Il Santuario che fonde l'arte con un antico culto mariano
L’origine del santuario fuori dalle mura della città si deve all’apparizione della Vergine a Caterina degli Uberti. Il 3 aprile del 1490, sul far della sera, la giovane cremasca stava percorrendo la strada per Bergamo con il marito Bartolomeo Pederbelli, detto il Contaglio, originario di quella città, quando l’uomo la aggredì con una spada lasciandola agonizzante in un bosco ai margini della strada. La donna invocò il soccorso della Madonna per non morire senza aver ricevuto i sacramenti. La Vergine, apparsa a Caterina, esaudì la sua richiesta permettendo che fosse soccorsa. Il mattino seguente la giovane fu portata in Crema dove spirò dopo aver ricevuto da un sacerdote il conforto dei sacramenti. Sul luogo dell’apparizione, oggi ricompreso nella cripta, avvenne poi nel giorno di Santa Croce (3 maggio 1490) il primo dei molti miracoli attestati che portarono alla decisione di costruire un santuario.
Il progetto, segno evidente della trasformazione in senso umanistico-rinascimentale della cultura cremasca, fu curato da Giovanni Battagio (Lodi, 1440 circa – 1500 circa), interprete dei modelli di Donato Bramante nonché ingegnere della città di Milano. I lavori iniziarono il 6 agosto 1490 con una grandiosa processione di popolo e a autorità civili e religiose che dalla città sfilò fino al luogo miracoloso.
Probabilmente a seguito di contrasti con i committenti nel 1499 Giovanni Battagio lasciò la direzione del cantiere. Fu sostituito dal capomastro Antonio Montanari (documentato dal 1492) che terminò i lavori verso il 1501.
Nel 1677 si instaurò presso la chiesa l’Ordine riformato dei Carmelitani Scalzi, che costruirono il grande convento nel 1706; qualche anno dopo fecero anche erigere il campanile che affianca la basilica. I frati rimasero fino alla soppressione del convento avvenuta nel 1810. Dopo un intermezzo in cui la cura d’anime fu assicurata dal clero secolare di Pianengo, nel 1828 fu istituita la parrocchia di Santa Maria della Croce, tuttora esistente.
La chiesa è un articolato e innovativo organismo a pianta centrale ideata ispirandosi ai canoni dell’architettura lombarda rinascimentale interamente realizzato in cotto il cui colore caldo domina affiancato al verde delle cupole in rame (materiale aggiunto in epoca novecentesca) e al bianco dell’intonaco.
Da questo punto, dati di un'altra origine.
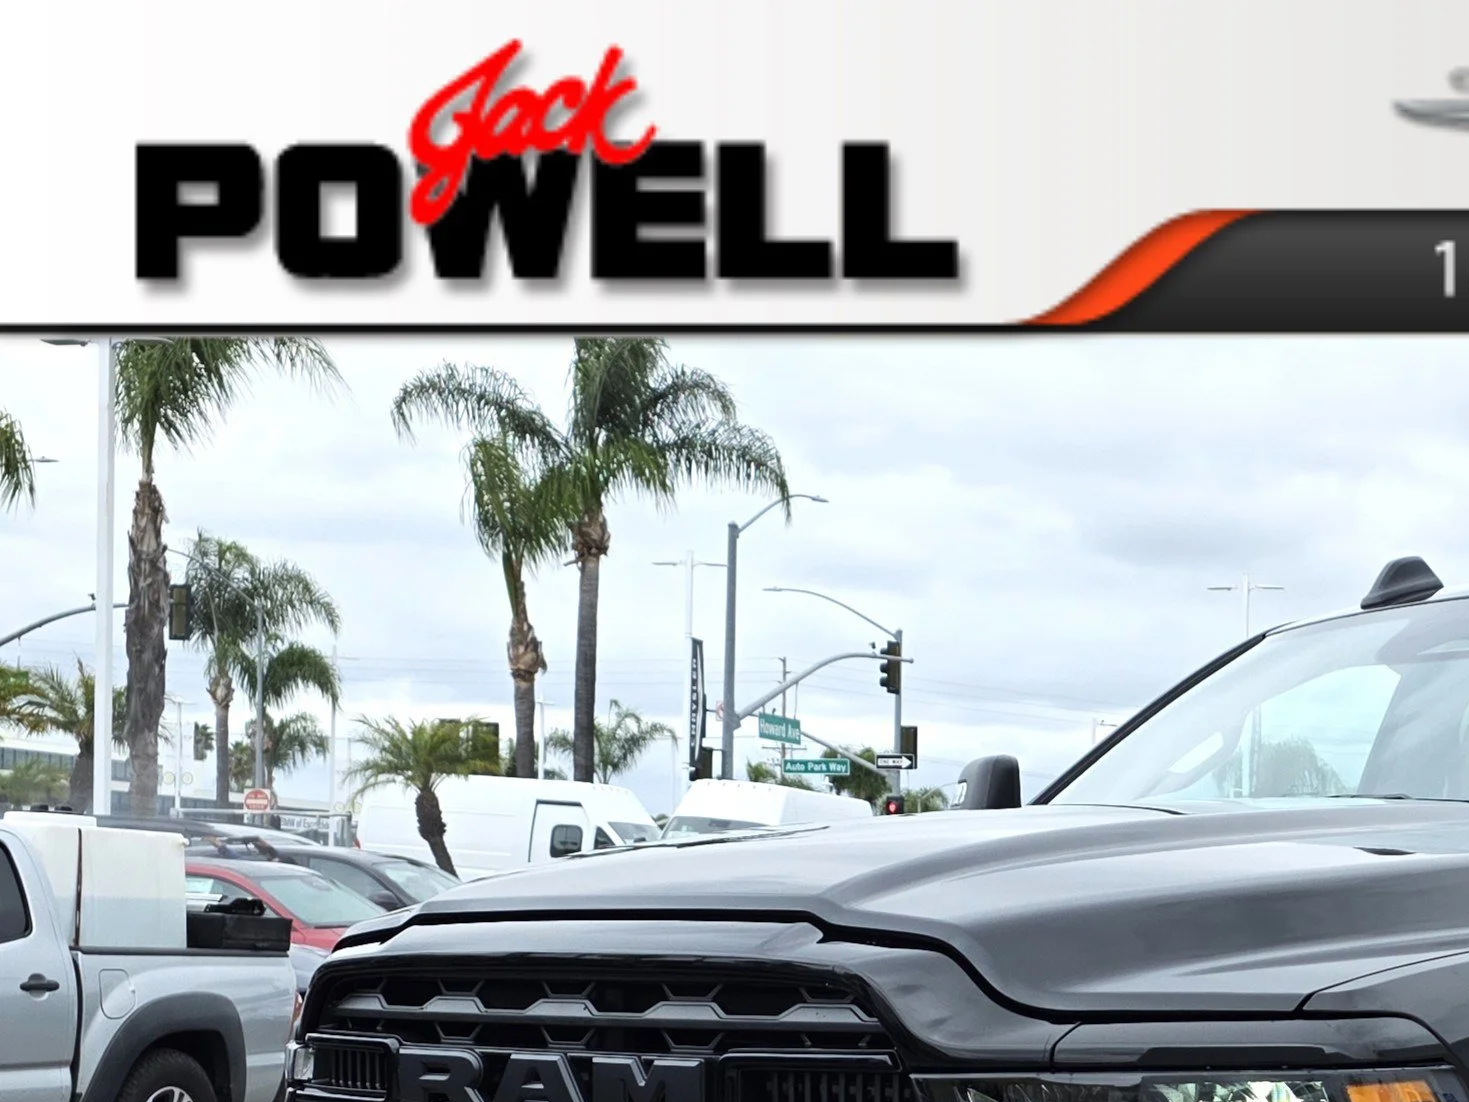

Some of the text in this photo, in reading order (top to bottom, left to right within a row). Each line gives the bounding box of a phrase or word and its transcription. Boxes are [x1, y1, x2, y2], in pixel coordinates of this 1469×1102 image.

[760, 718, 800, 740] Howard Ave
[785, 761, 847, 773] Auto Park Way
L’esterno è compartito in quattro zone sovrapposte, con tre ordini di gallerie percorribili. Il primo ordine di gallerie è composto da aperture monofore, il secondo livello appare più elaborato con una serie di bifore sotto cui corre una decorazione con piccoli rosoni in cotto con i motivi del sole fiammeggiante, della ruota e una figura geometrica complessa.
L’ultimo livello è opera del capomastro Antonio Montanari che concluse la costruzione con una galleria di gusto tardo-gotico decorata con rosoncini sovrastata da una serie di monofore trilobate.
Il restauro stilistico dell’architetto Emilio Gusalli (1904) è responsabile delle reinvenzioni decorative leggibili all’esterno, come i pinnacoli di pietra, i graffiti delle porte cieche e le cupole di rame a copertura dei corpi minori.
L’interno, frutto di una campagna decorativa avvenuta in un lungo arco temporale, è organizzato intorno a un’aula ottagonale con quattro bracci laterali che completano la pianta a croce greca. Il vano principale è coperto da una cupola con otto spicchi.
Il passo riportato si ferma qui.